All the lines below need to be transcribed exactly. Pictures get left out.

++++ Data under study ++++

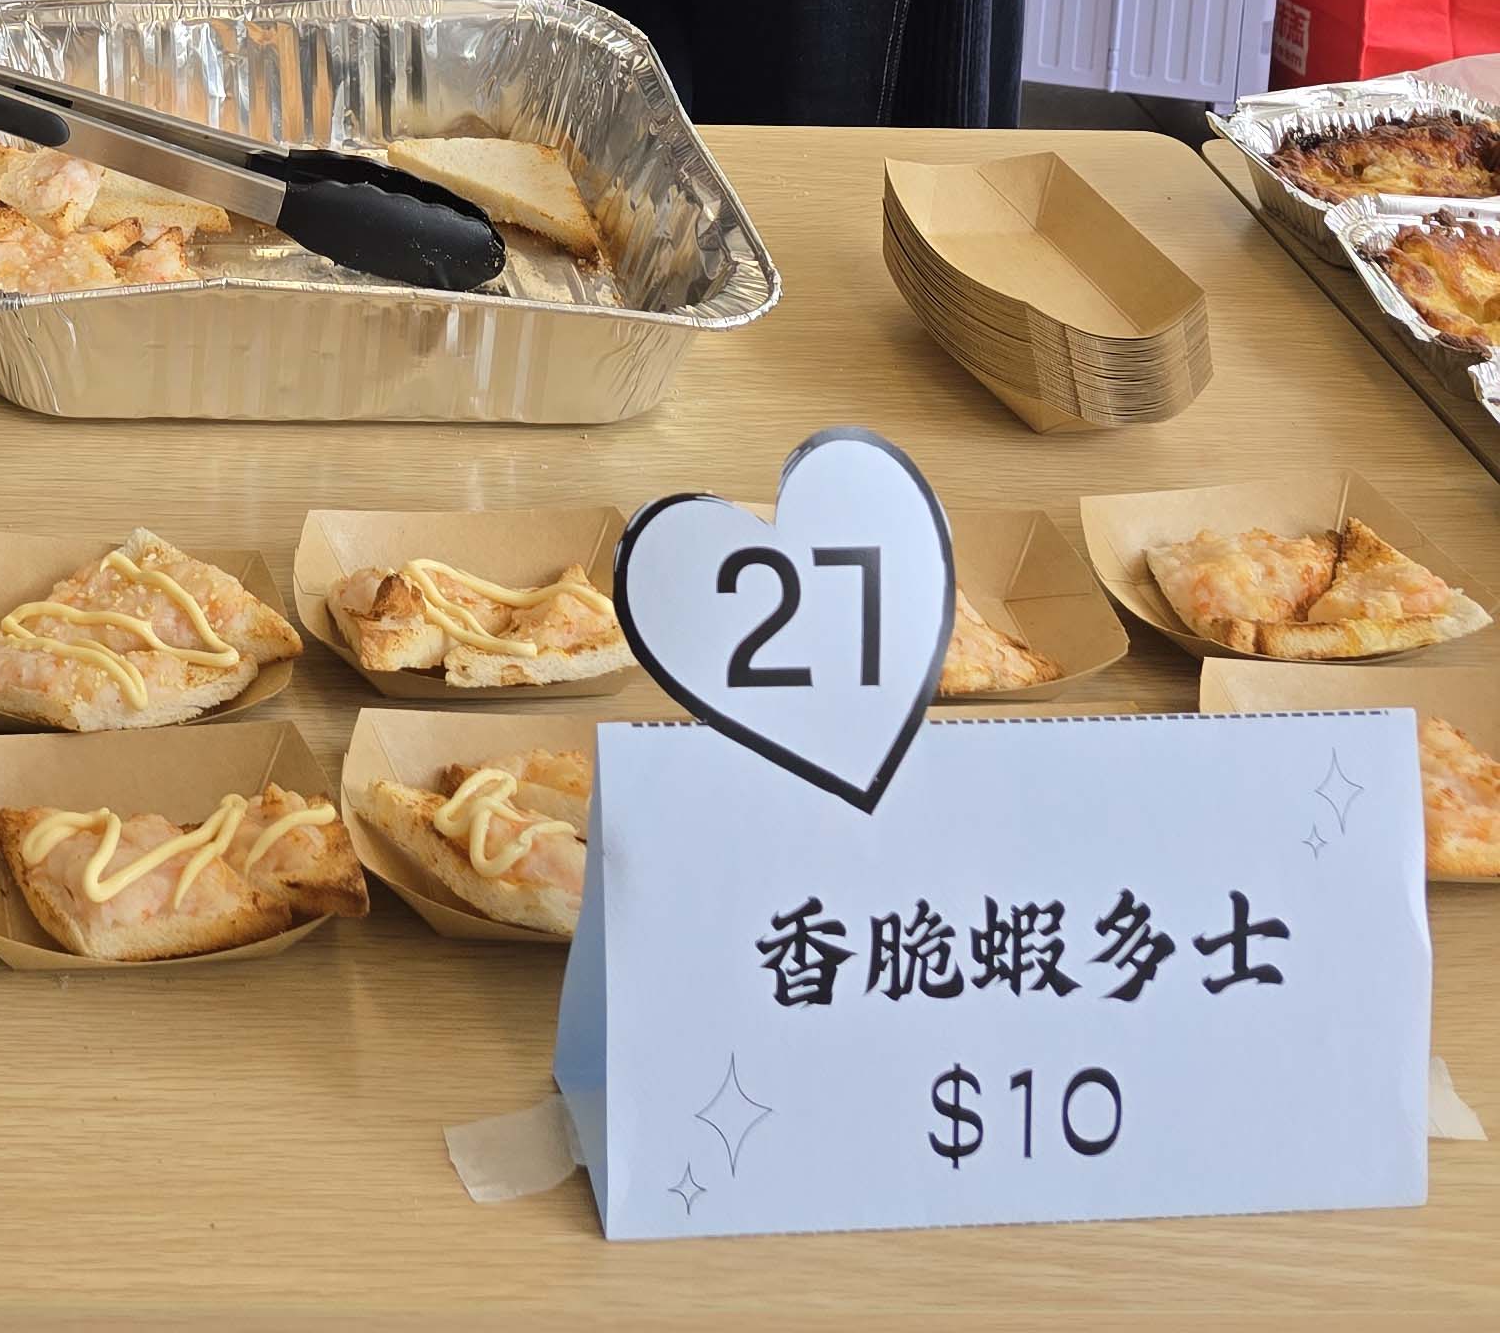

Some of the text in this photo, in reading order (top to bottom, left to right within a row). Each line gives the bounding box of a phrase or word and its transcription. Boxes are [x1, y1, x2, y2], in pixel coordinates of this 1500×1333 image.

[715, 545, 883, 689] 27
[756, 887, 1292, 1008] 香脆蝦多士
[928, 1063, 1125, 1170] $10
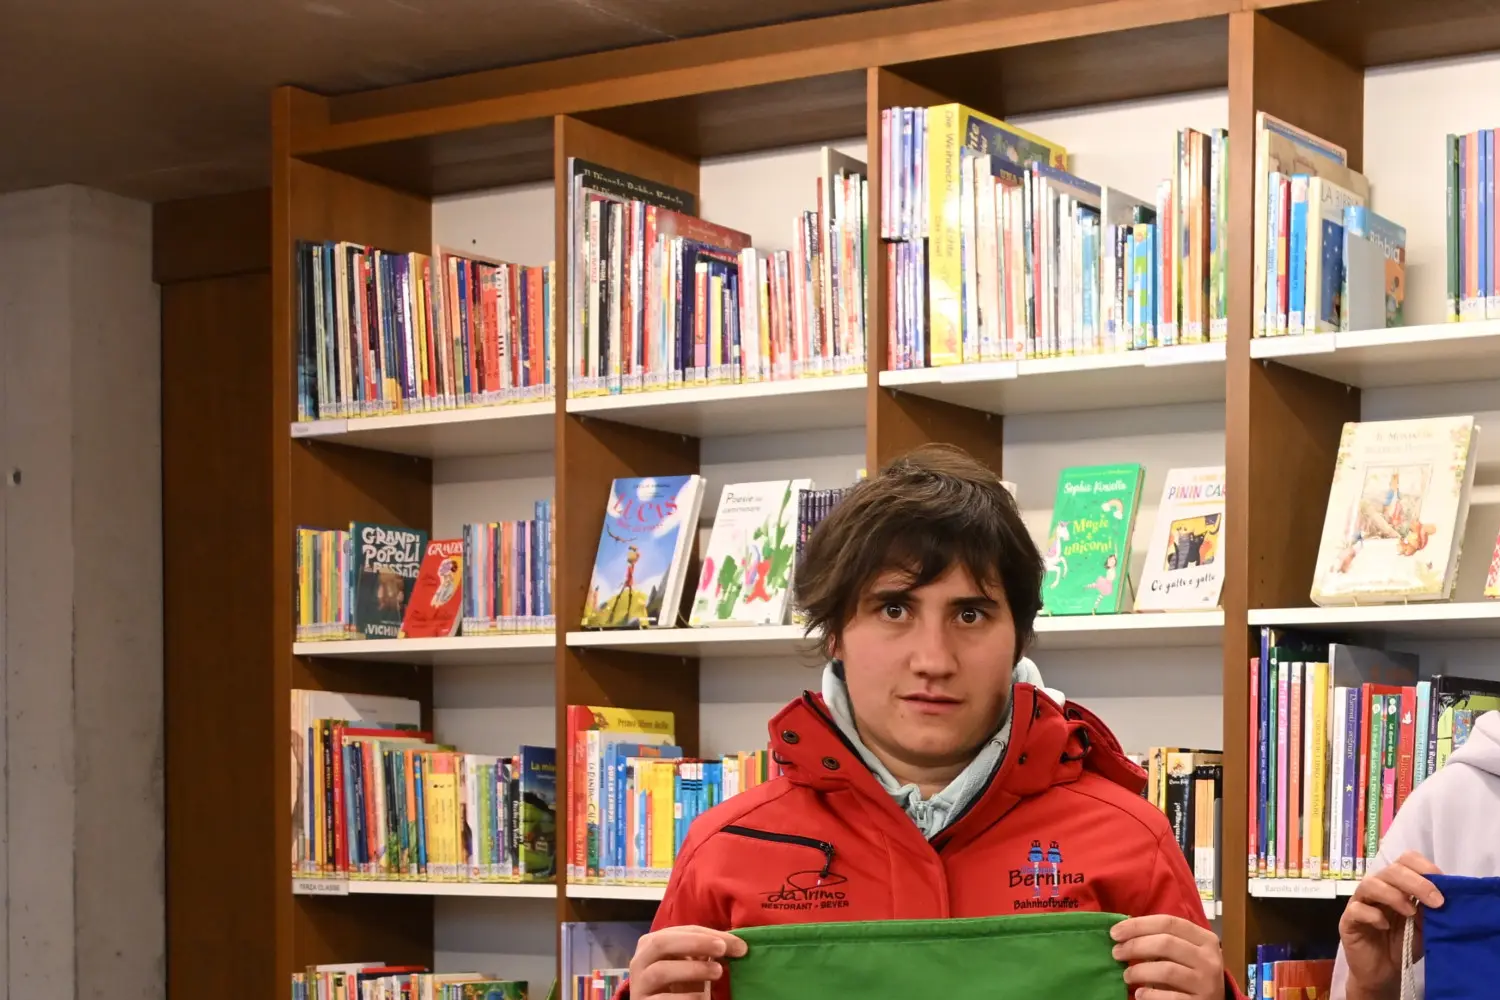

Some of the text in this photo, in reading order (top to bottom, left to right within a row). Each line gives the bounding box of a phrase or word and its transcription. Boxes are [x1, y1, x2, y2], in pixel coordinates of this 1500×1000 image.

[1168, 484, 1202, 500] PININ
[362, 527, 420, 549] GRANDI
[362, 543, 420, 570] POPOLI
[1008, 869, 1084, 889] Bernina
[760, 899, 850, 911] RESTORANT BEVER
[1013, 898, 1080, 911] Bahnhofbuffet
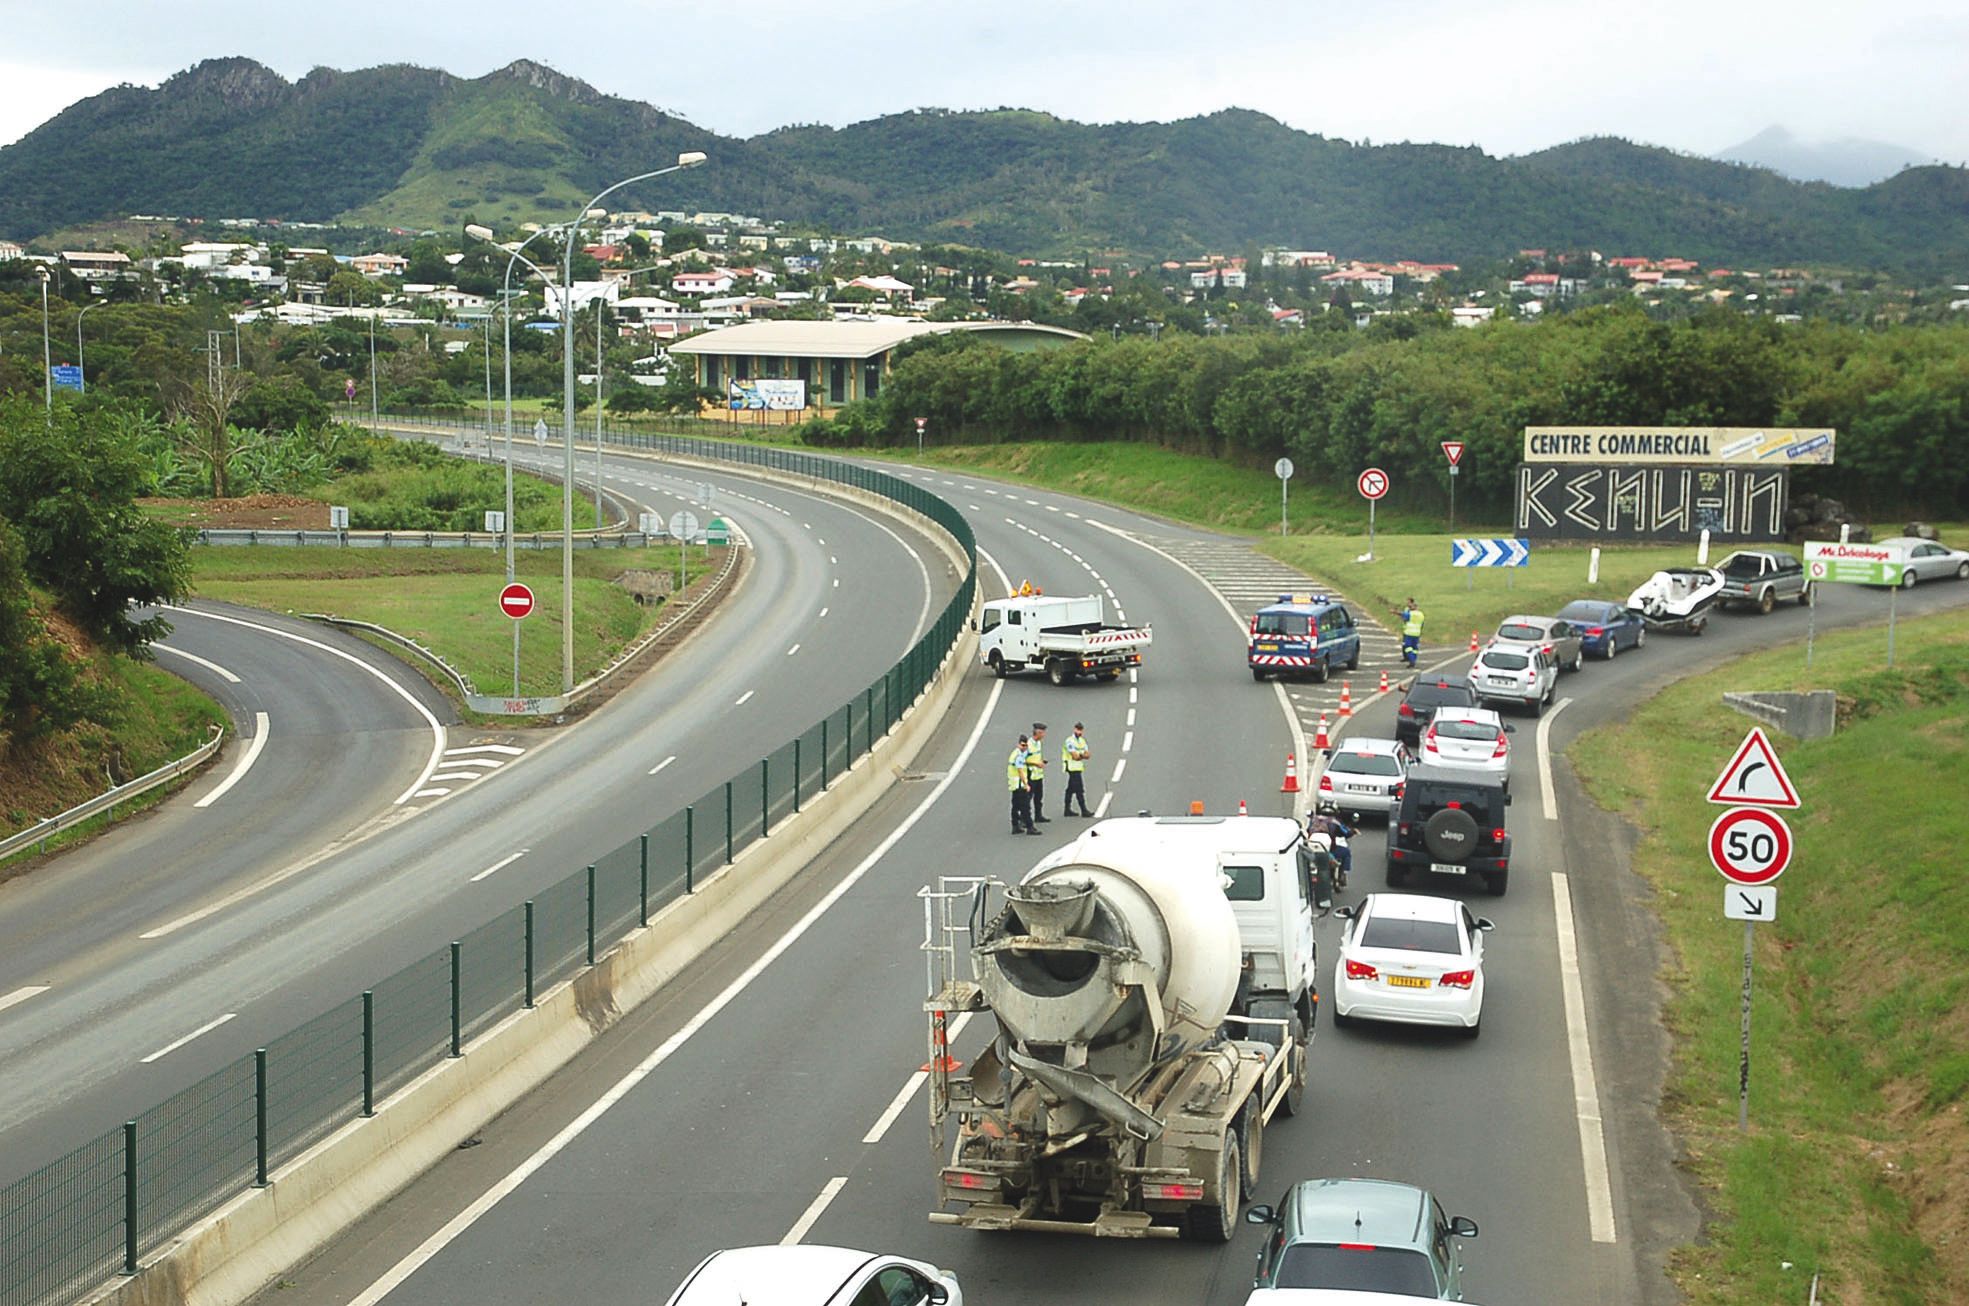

++++

Solution to this problem —
Some of the text in this photo, in reading order (top to bottom, left to right within a row). Each line gives the bounding box of a phrase or word and its transcription. Boxes are [x1, y1, x2, y2], in pixel coordinates of this 1500×1333 image.

[715, 545, 883, 689] 27
[756, 887, 1292, 1008] 香脆蝦多士
[928, 1063, 1125, 1170] $10

Some of the text in this photo, in reading order (top to bottom, left to right within a row). Each line gives the bounding box of a phrase or word and its transcription. Boxes are [x1, y1, x2, y2], in pixel coordinates of this 1500×1000 image.

[1168, 484, 1202, 500] PININ
[362, 527, 420, 549] GRANDI
[362, 543, 420, 570] POPOLI
[1008, 869, 1084, 889] Bernina
[760, 899, 850, 911] RESTORANT BEVER
[1013, 898, 1080, 911] Bahnhofbuffet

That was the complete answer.